• **PROMPT**
Please restate the records below verbatim, omitting every image they hold.

== Segment start ==

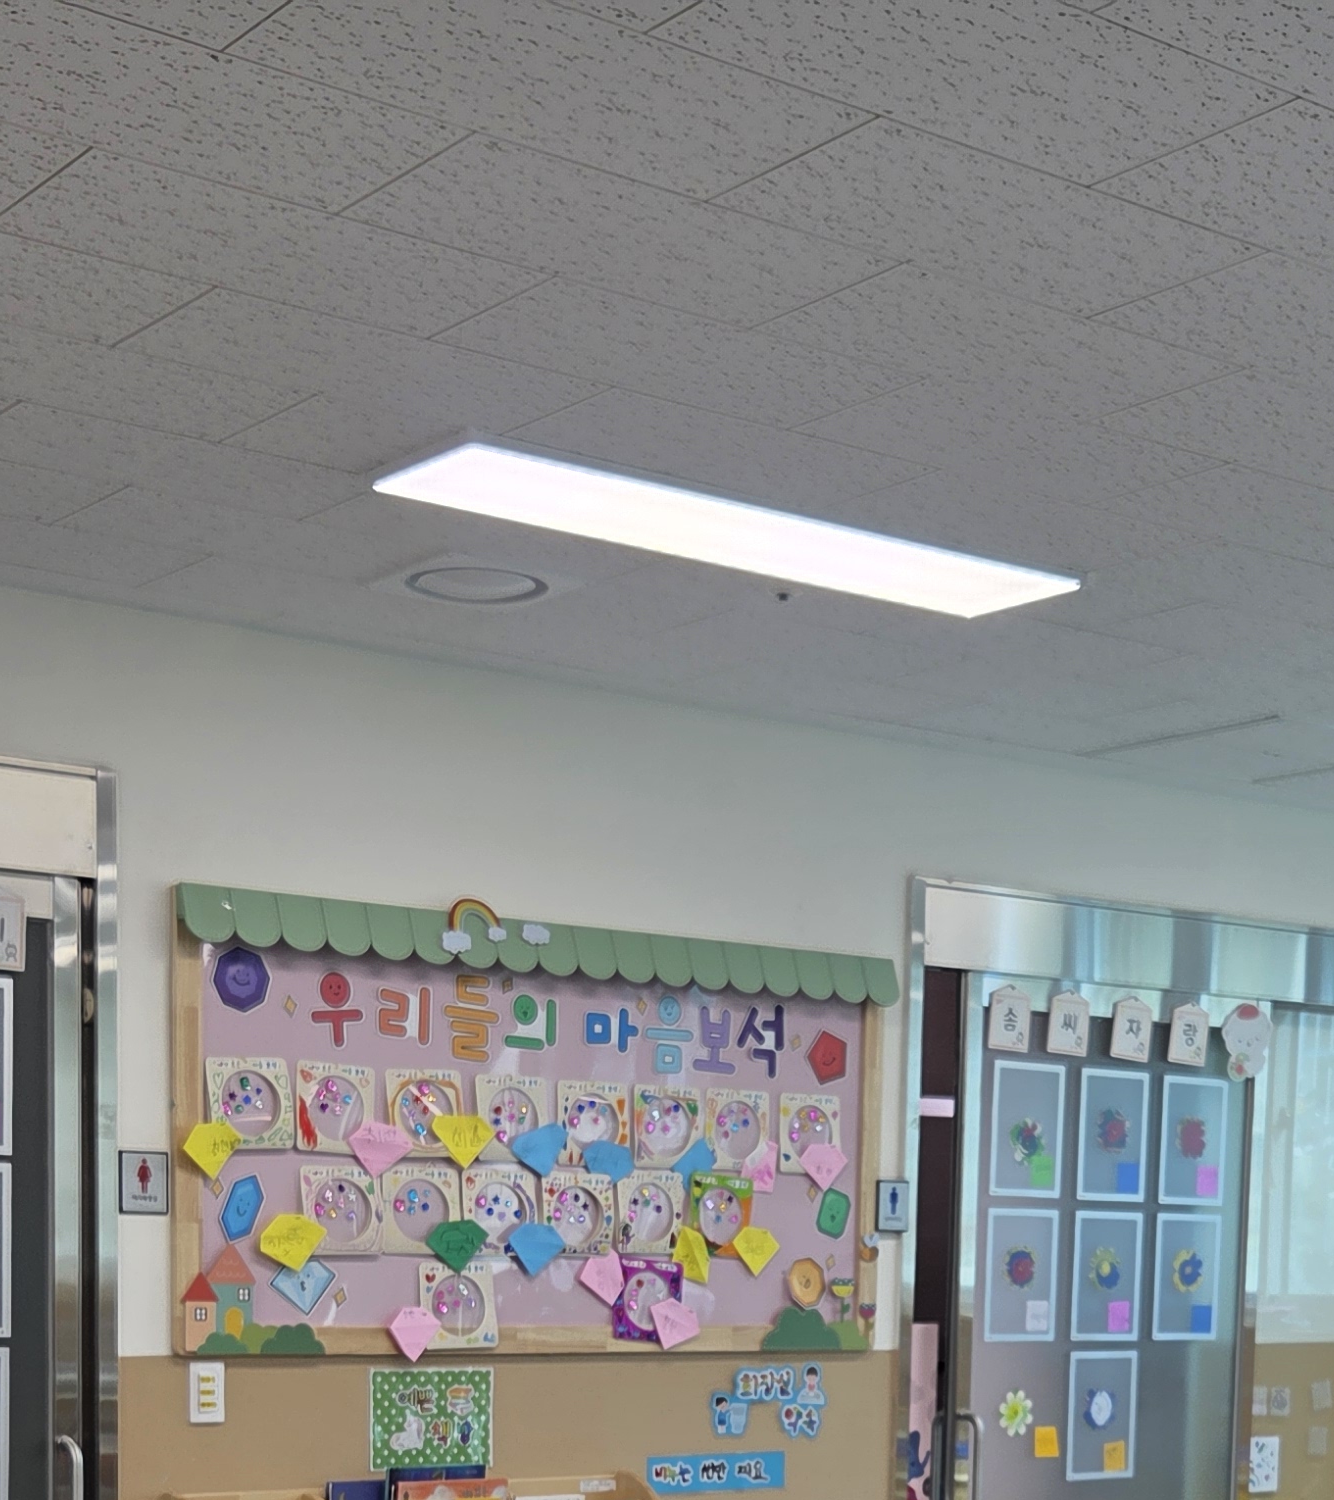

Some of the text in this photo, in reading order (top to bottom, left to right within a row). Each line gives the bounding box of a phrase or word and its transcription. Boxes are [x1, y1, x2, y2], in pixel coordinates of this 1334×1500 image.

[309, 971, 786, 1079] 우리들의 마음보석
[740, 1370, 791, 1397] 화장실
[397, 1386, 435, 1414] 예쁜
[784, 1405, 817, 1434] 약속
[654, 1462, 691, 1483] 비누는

== Segment end ==

• **TASK SOLUTION**
Some of the text in this photo, in reading order (top to bottom, left to right within a row). Each line gives the bounding box of a phrase or word and its transcription. Boxes are [x1, y1, x2, y2], in pixel coordinates of this 1334×1500 image.

[309, 971, 786, 1079] 우리들의 마음보석
[740, 1370, 791, 1397] 화장실
[397, 1386, 435, 1414] 예쁜
[784, 1405, 817, 1434] 약속
[654, 1462, 691, 1483] 비누는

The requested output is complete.